Reproduce the records below exactly, leaving their images out.
(Records shown Opens)
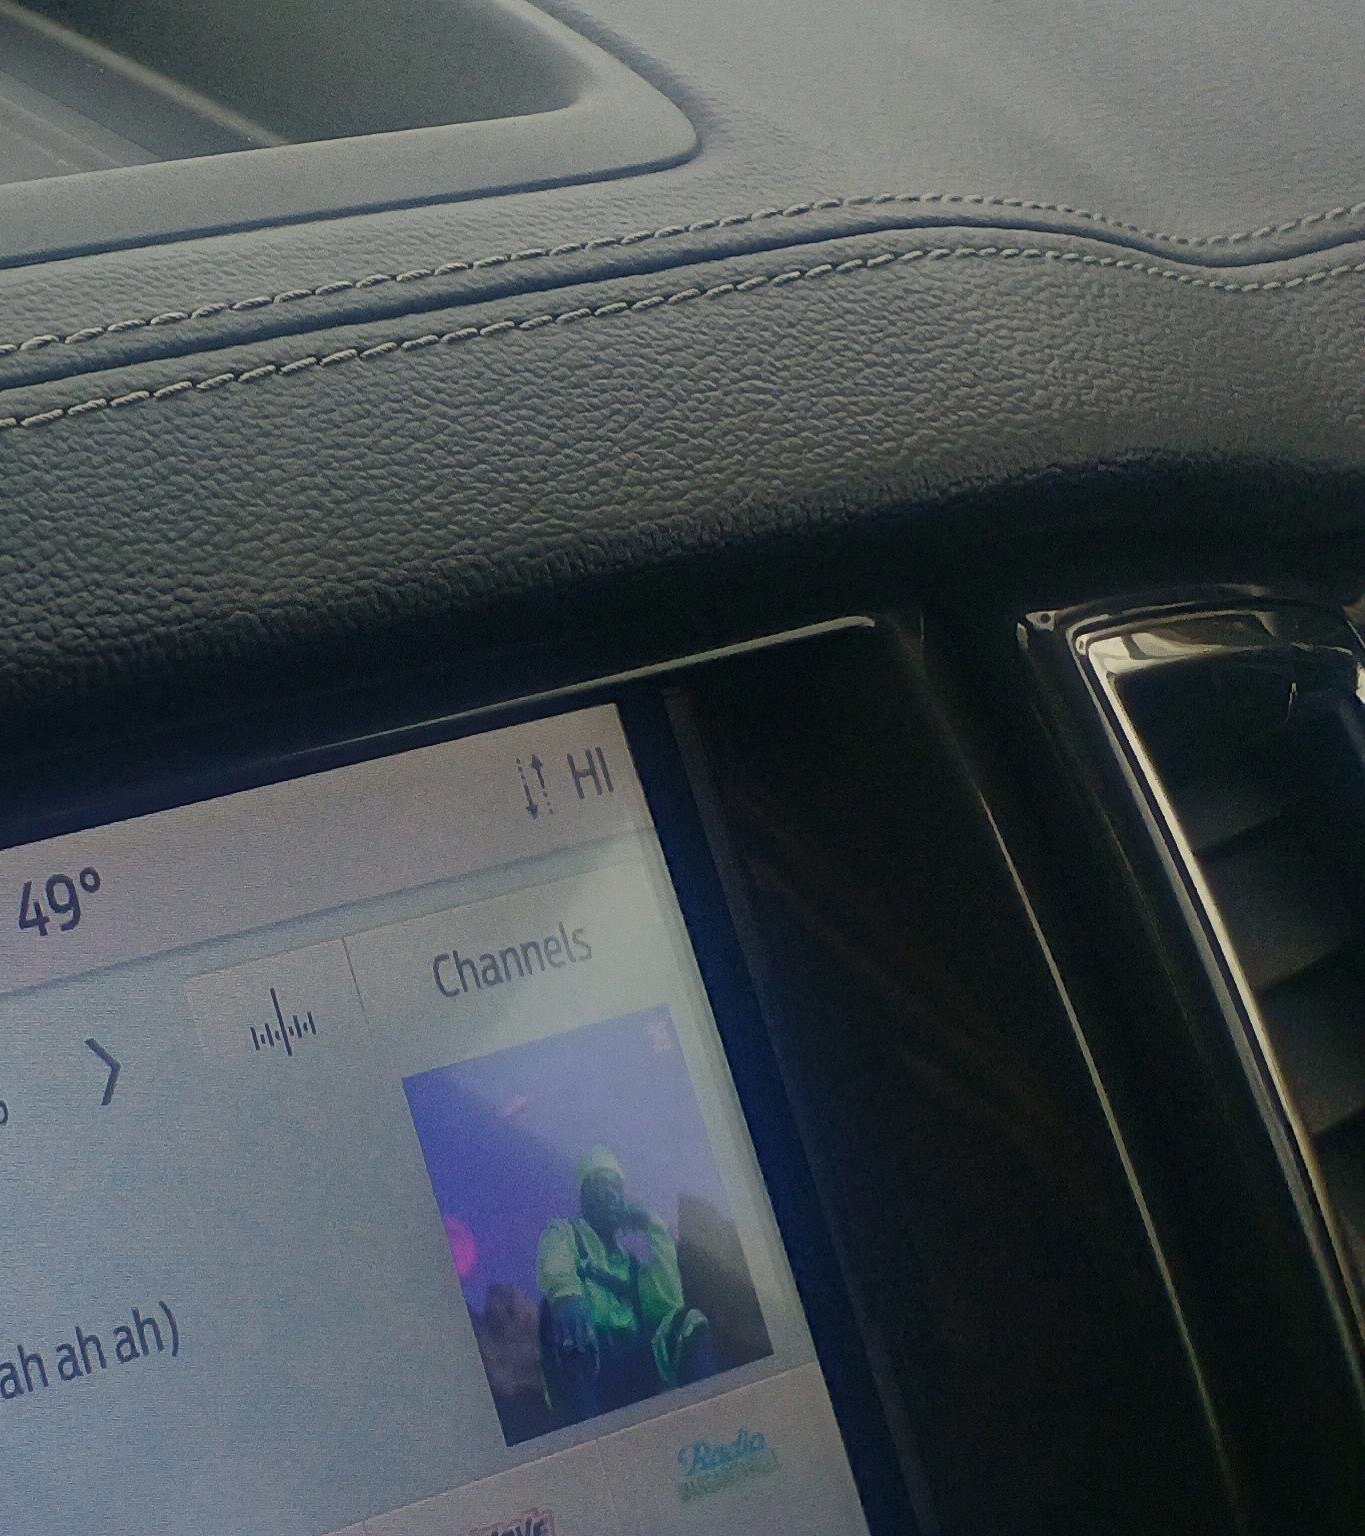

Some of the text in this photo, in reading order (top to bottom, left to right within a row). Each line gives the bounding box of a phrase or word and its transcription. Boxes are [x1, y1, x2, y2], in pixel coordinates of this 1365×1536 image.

[566, 746, 615, 800] HI
[18, 866, 102, 936] 49°
[432, 920, 594, 998] Channels
[56, 1324, 109, 1384] ah
[113, 1300, 181, 1360] ah)
(Records shown Closes)
_Solution to this exercise_:
Some of the text in this photo, in reading order (top to bottom, left to right within a row). Each line gives the bounding box of a phrase or word and its transcription. Boxes are [x1, y1, x2, y2], in pixel coordinates of this 1365×1536 image.

[566, 746, 615, 800] HI
[18, 866, 102, 936] 49°
[432, 920, 594, 998] Channels
[56, 1324, 109, 1384] ah
[113, 1300, 181, 1360] ah)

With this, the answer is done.